Data to examine:
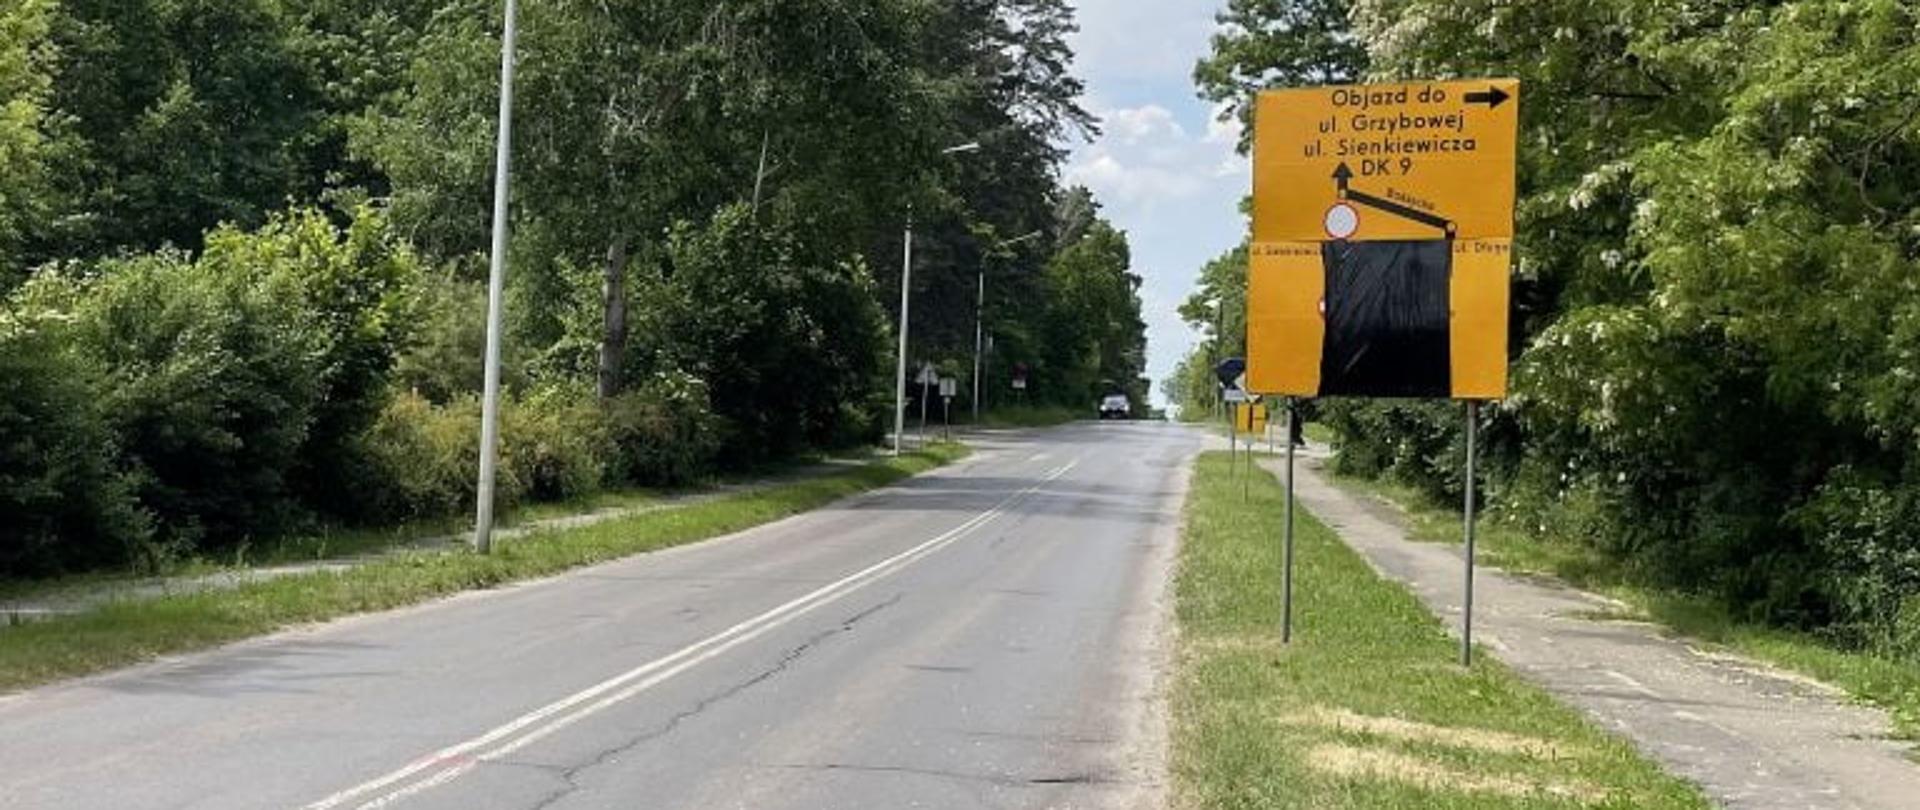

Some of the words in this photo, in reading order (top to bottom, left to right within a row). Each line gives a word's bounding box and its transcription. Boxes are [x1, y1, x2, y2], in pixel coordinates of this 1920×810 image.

[1331, 87, 1408, 110] Objazd
[1417, 85, 1446, 102] do
[1319, 116, 1340, 133] ul.
[1351, 110, 1465, 132] Grzybowej
[1304, 139, 1327, 157] ul.
[1336, 135, 1477, 156] Sienkiewicza
[1361, 159, 1390, 177] DK
[1399, 158, 1412, 176] 9

Description of the task:
Repeat every entry exactly, but leave out the pictures.

Response to this task:
Some of the words in this photo, in reading order (top to bottom, left to right within a row). Each line gives a word's bounding box and its transcription. Boxes are [x1, y1, x2, y2], in pixel coordinates of this 1920×810 image.

[1331, 87, 1408, 110] Objazd
[1417, 85, 1446, 102] do
[1319, 116, 1340, 133] ul.
[1351, 110, 1465, 132] Grzybowej
[1304, 139, 1327, 157] ul.
[1336, 135, 1477, 156] Sienkiewicza
[1361, 159, 1390, 177] DK
[1399, 158, 1412, 176] 9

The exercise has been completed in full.